Taken for Granted

Every morning long before I started this blog I have sat down in the spot pictured and checked the news, read emails, shopped, amused myself and done work.  It is where I have my first cup of coffee each morning and a place I stop by within an hour of bedtime most every day.  Computers and all that go with them has become such an ordinary device for most of us, we hardly think any more of how amazing they truly are. 

The first computer I ever had at home did not have a CD drive, did not have a sound card and compared to computers today it moved at a snails pace and did little of what modern day machines can do.  I remember how amazed I was in 1990 when my first home computer arrived and was setup and working (and that took a while!).  Now today I am able to do so much more but take it all for granted.  It occurred to me this morning I am grateful for having this ability in my home, not the least of which is to come here and write in my “gratitude blog diary” each day. 

In just a few short days I have discovered so clearly that the more I have acknowledged the blessings in my life, the more abundant are the reasons I find to be grateful.  From deeply emotional items to common every day things I have take for granted I am learning gratitude on a much deeper level than I have known previously.  How well I live compared to just 50 years ago.  Compared to a hundred or hundreds of years ago, I know I truly do live in an amazing future that could not have been comprehended even a hundred years ago. 

So today’s gratitude expression is not earth shattering or deeply emotional.  It is just acknowledging something I see and use every day:  my home computer.  It is appropriate that I should be thankful for the equipment with which I spend at least an hour or two each day.  It brings me so much.  Thank you Bill Gates, Steve Jobs,   Blaise Pascal, Charles Babbage, Ada Lovelace, Haskell Brooks Curry, Alonzo Church, John von Neumann, Grace Hopper, Stephen Kleene, Alan Turing, Claude Shannon, Alan Perlis, John Backus, Seymour Cray, Marvin Minsky, John McCarthy, Edsger Dijkstra, Niklaus Wirth, Donald Knuth, Bob Kahn, Dennis Ritchie, Ken Thompson, Vinton Cerf, Jon Postel, Whitfield Diffie, Robert Tarjan, Bjarne Stroustrup, Steve Wozniak, Richard Stevens, Richard Stallman, Tim Berners-Lee, Linus Torvalds and the thousands of others whose work made it possible for me to write these words on this screen.

What you focus on expands, and when you focus on the goodness in your life, you create more of it.
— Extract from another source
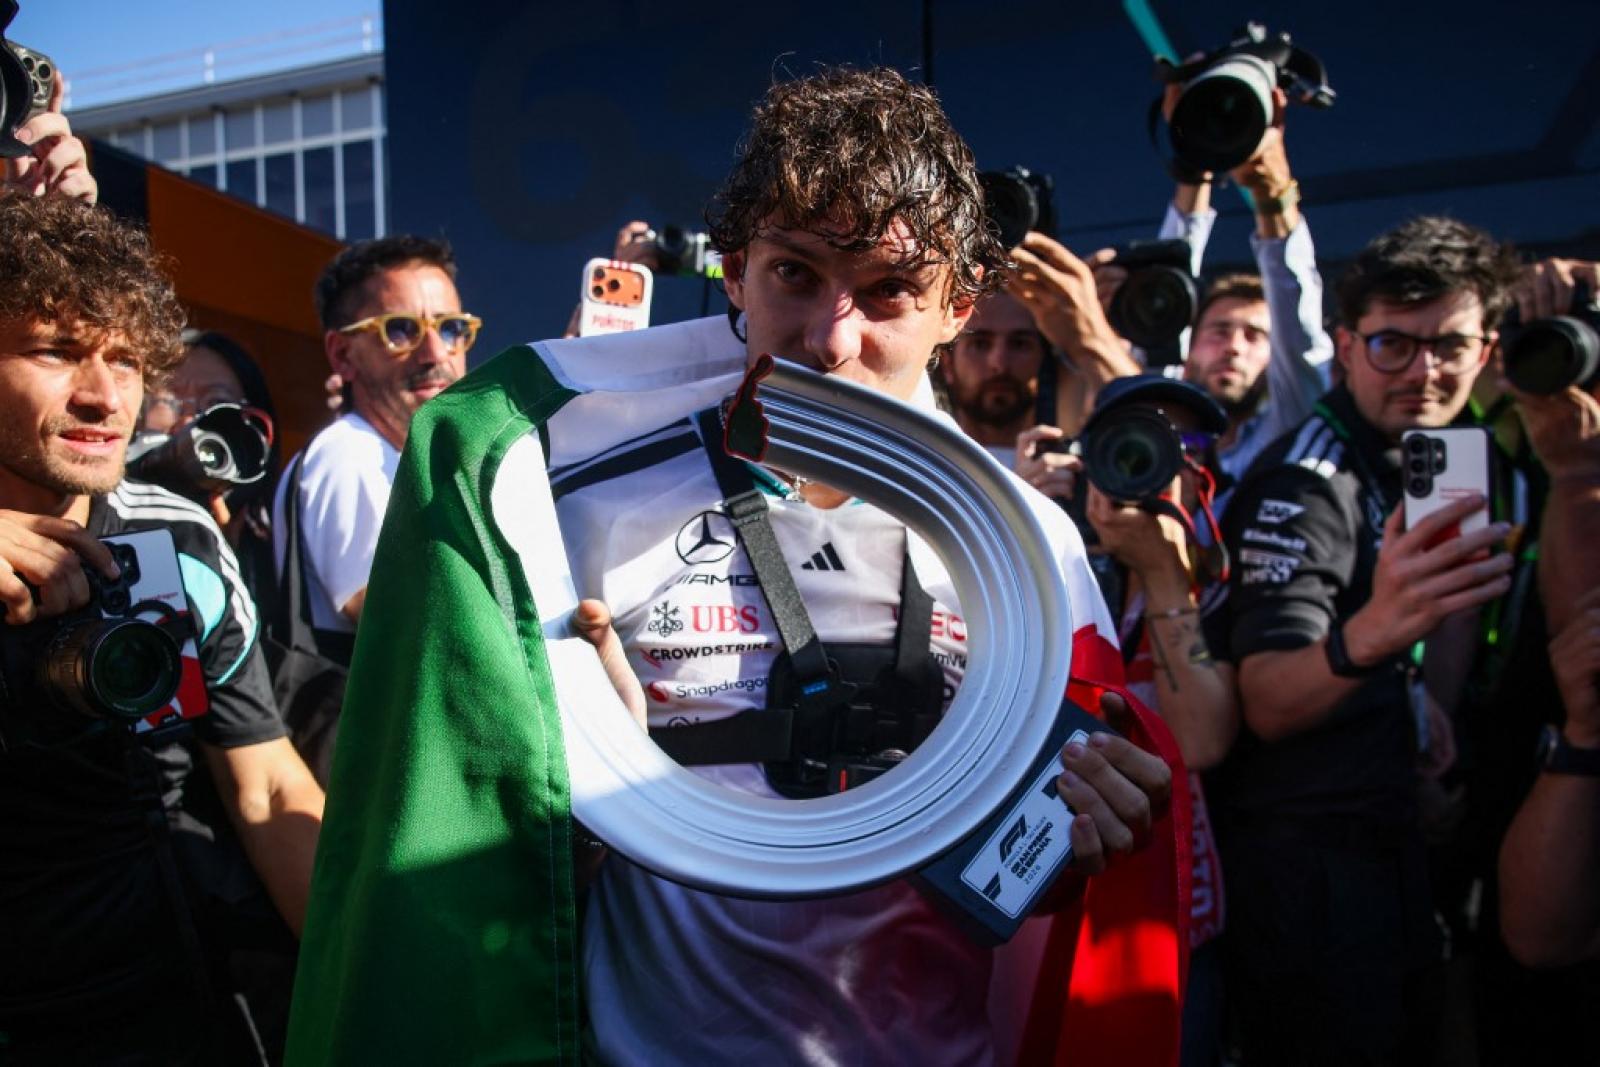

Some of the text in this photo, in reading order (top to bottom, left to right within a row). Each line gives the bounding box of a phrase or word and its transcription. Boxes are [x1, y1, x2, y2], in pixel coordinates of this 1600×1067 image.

Opportunities, relationships, even money flowed my way when I learned to be grateful no matter what happened in my life. Oprah Winfrey

April 27, 2011 Alabama Tornados

Clay County, Alabama is in the most southern Appalachian Mountains and where I grew up.  The majority of my family still lives within 100 miles of there.  Earlier this week I had great concern due to the historical storms and tornados in North Central Alabama, especially for my brother who lives between Birmingham and Tuscaloosa (hardest hit by the storm).  My brother said they spent several hours in his basement and were genuinely concerned.   I am relieved and grateful today to know that all are OK.  When things scare me like that it brings feeling and emotion to the top and I wrote what follows in about 15 minutes to express my morning gratitude today.

 

My Little Brother

 

I remember well those childhood days,

In Shinebone Valley where we romped and played.

“Catch-ah-ma-doggie” Creek and Gray Hill,

Clear, vivid and strong in my memory still. 

 

Playing soldier and building forts in the July heat

Using haybales in the loft  to make ’em was quite a feat.

Catching little crawfish and darting minnows too,

And tying to a thread June bugs of green-blue.

Evening’s early summer lightning bugs blinking in a jar,

Steam rising after rain from the road’s black tar.

 

Riding our bikes on pulp wood roads

With Willis teaching us about the woods,

Catching snakes and sometimes toads,

And turtles and all the fish we could.

 

Stepping on rusty nails and telling no one,

Kick the can in the yard till the sun was done

That time with V. & C. and mud to our knees with them.

Sweet memories strong within of those childhood whims.

 

Then we did not see how the days just flew.

Through the all pain and difficulty we knew.

Coping with a self-absorbed and distant mother

In our lives no choice and no chance for another.

We know it’s true as a parent she was unfit,

And without each other we’d not have made it.

 

We have our scars, but we are alive and well,

And it’s only on the good of childhood days I dwell.

You’ve always made me proud like no other.

Always you will be my cherished little brother.

There is a calmness to a life lived in Gratitude, a quiet joy.   Ralph H. Blum

 

First Cup of Coffee

This blog is already having a profoundly positive effect on me after just a couple of days.  When I now wake up in the morning one of my first thoughts is about what I am grateful for that I will write about today.  What occurred to me this morning  to express came as I was making the morning brew.  It is my gratitude for my coffee each morning and to those who make it possible.  That simple thought started a landslide of being grateful. 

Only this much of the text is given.